Et notamment un écrivain, aujourd’hui vieillard en désuétude, mais qui il y a vingt ans, trente ans, était un dandy « propre, massé, le crâne épilé, aimable » que Bernard Pivot invita cinq fois à Apostrophes. Gabriel Matzneff qui collectionnait les amants, les amantes de onze ans, de douze ans, de quatorze ans… Et parmi ses amantes, il y eut Vanessa, qu’il connut en 1985, quand elle avait treize ans, une proie aux yeux bleus qui lisait Eugénie Grandet et qui plaçait les écrivains sur un piédestal, et dont il s’empara, corps et âme, l’ayant rassurée de lait, de mots doux, de mousses au kiwi, et elle fut la chose de l’ogre…

« À 14 ans, à la sortie du collège, on n’est pas supposée vivre à l’hôtel avec un homme de 50 ans, ni se retrouver dans son lit, sa verge dans la bouche à l’heure du goûter”, écrit dans son livre Vanessa Springora. Je retrouve cette phrase dans Le Monde et dans L’Express qui racontent une folie dans un autre siècle. Quand Matzneff, sans rien cacher, était un homme adulé de complaisance ; ce Gabriel qui se faisait passer pour un chef scout afin d’échapper à un père dont il avait happé l’enfant, “un chaton de 12 ans, l’un des gosses les plus voluptueux que j’ai connus”. En 1990, une romancière québécoise, Denise Bombardier, avait osé dire son dégoût à Matzneff sur le plateau d’Apostrophes. Elle s’était retrouvée ostracisée au cocktail après l’émission, raconte-t-elle au journal Le Monde et puis insultée, dénigrée par la fine fleur de la critique littéraire. En 1977 quand Matzneff lançait une pétition pour soutenir des gens qui s’étaient amusés avec des mineurs de douze et treize ans, le texte était publié dans Le Monde et signé Aragon, Sartre, Beauvoir, Roland Barthes, Francis Ponge, André Glucksmann, Bernard Kouchner, Félix Guattari, Jack Lang… Imaginez.

L’hôtel où Matzneff se repaissait de Vanessa était payé par Yves Saint-Laurent, lis-je dans L’Express. Un jour, Vanessa y reçut un appel téléphonique de François Mitterrand, président de la République, qui venait prendre des nouvelles de son « cher Gabriel » hospitalisé…

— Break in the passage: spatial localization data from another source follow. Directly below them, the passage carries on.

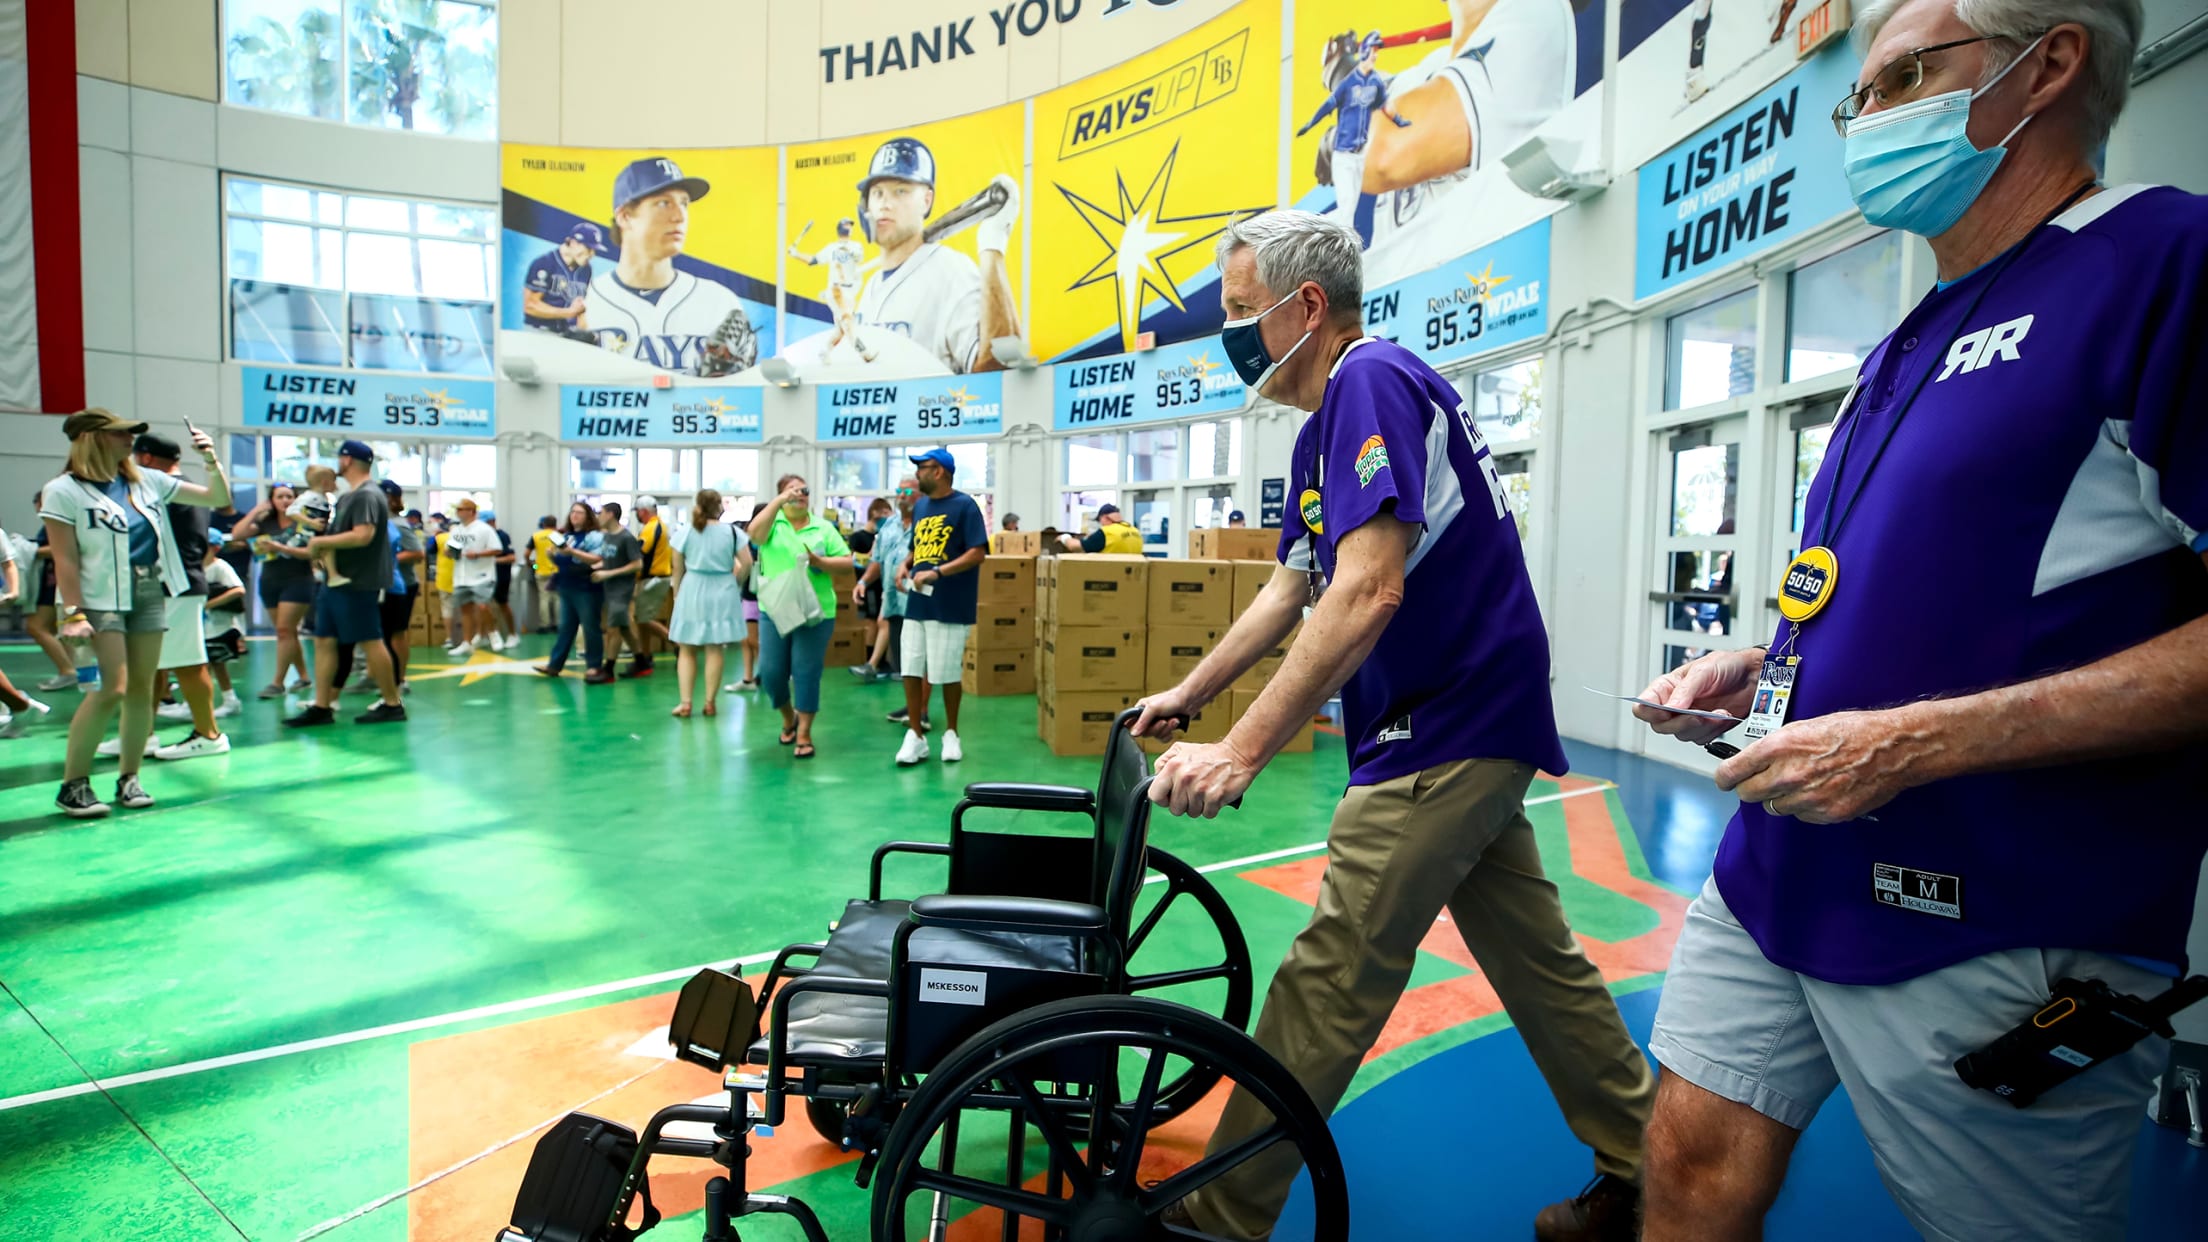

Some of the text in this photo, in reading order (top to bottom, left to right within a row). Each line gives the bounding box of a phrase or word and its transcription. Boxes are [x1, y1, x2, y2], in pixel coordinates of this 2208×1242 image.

[1799, 0, 1830, 52] EXIT
[820, 0, 1081, 84] THANK YOU
[1071, 66, 1197, 146] RAYS UP
[1663, 85, 1800, 206] LISTEN
[1677, 152, 1778, 220] ON YOUR WAY
[1662, 166, 1797, 280] HOME
[1454, 281, 1487, 304] RADIO
[1426, 302, 1483, 351] 95.3
[1486, 280, 1540, 318] WDAE
[264, 374, 356, 395] LISTEN
[1069, 360, 1136, 389] LISTEN
[576, 390, 649, 407] LISTEN
[832, 386, 897, 406] LISTEN
[1157, 379, 1201, 408] 95.3
[266, 403, 356, 426] HOME
[385, 406, 440, 426] 95.3
[918, 407, 960, 429] 95.3
[1069, 394, 1135, 423] HOME
[577, 418, 649, 437] HOME
[672, 415, 718, 434] 95.3
[832, 415, 897, 437] HOME
[1356, 446, 1387, 475] Tropica
[1787, 571, 1806, 588] 50
[1802, 576, 1822, 594] 50
[1760, 661, 1794, 687] RAYS
[1774, 698, 1783, 714] C
[1876, 879, 1900, 890] TEAM
[1915, 873, 1941, 882] ADULT
[1919, 880, 1938, 900] M
[1901, 896, 1959, 916] HOLLOWAY
[1995, 1084, 2015, 1096] 65

Et c’est donc, au-delà de Vanessa Springora elle-même, une aberration collective et s’impose pour des hommes admirables un mépris. “Votre rôle est d’accompagner Gabriel sur le chemin de la création et de vous plier à ses caprices”, ordonna Emil Cioran à Vanessa Springora… Dans Le Monde où les amis de Matzneff se désolent que les temps ont changé, Frédéric Beigbeder redoute que Gabriel se suicide, il en est d’autres qui pourraient, se relisant, mourir de honte, s’ils vivent encore ici-bas. »

J’ai découvert Vanessa Springora lors de son passage dans les matins de France Culture du 3 janvier 2020.

Elle dit de Matzneff

« Il était bien ce qu’on apprend à redouter dès l’enfance : un ogre ».

Et lors de l’émission :

« C’était important pour moi de faire rentrer dans le champ littéraire la voix d’une jeune fille qui avait été victime. C’est une voix qu’on n’entend jamais en littérature. C’est un pendant de Lolita de Nabokov. J’ai longtemps tourné autour du sujet avant de parvenir à l’écrire de cette manière, à la première personne. J’avais pensé raconter l’histoire de Lolita inversée, du point de vue de la jeune fille.

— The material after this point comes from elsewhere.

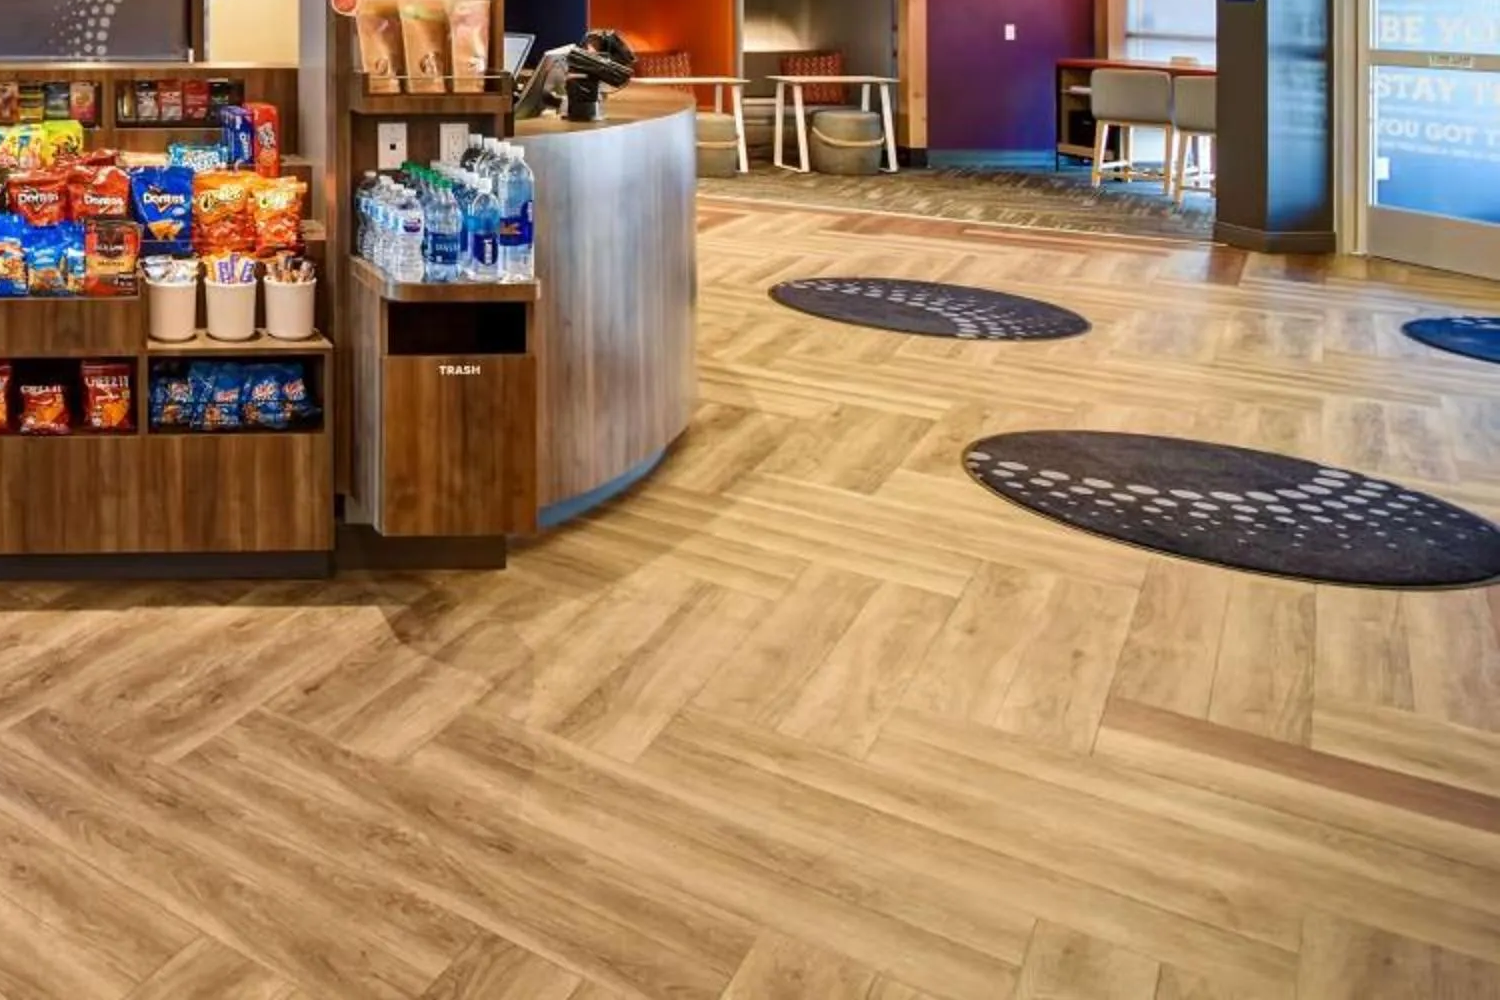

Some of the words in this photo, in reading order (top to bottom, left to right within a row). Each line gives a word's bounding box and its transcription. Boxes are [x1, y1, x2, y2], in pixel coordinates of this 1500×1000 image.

[1435, 16, 1500, 47] YO
[143, 192, 185, 206] Doritos
[438, 364, 481, 376] TRASH

[ l’attribution du prix Renaudot à Gabriel Matzneff en 2013 ] fait partie des provocations qui pour moi, à titre personnel, étaient insupportables. Il y en a eu beaucoup d’autres. […]

En 2015, il a écrit à la personne avec qui je travaillais un nombre invraisemblable de mails pour essayer de rentrer en contact avec moi. Il m’a toujours écrit partout où il a pu, essayé d’avoir mon adresse, il a toujours essayé de maintenir son emprise. Il continue d’ailleurs de le faire aujourd’hui avec la réponse qu’il a donnée hier à L’Express. [Je ne mérite pas l’affreux portrait que (…) tu publies de moi. (…) Non, ce n’est pas moi, ce n’est pas ce que nous avons ensemble vécu, et tu le sais”].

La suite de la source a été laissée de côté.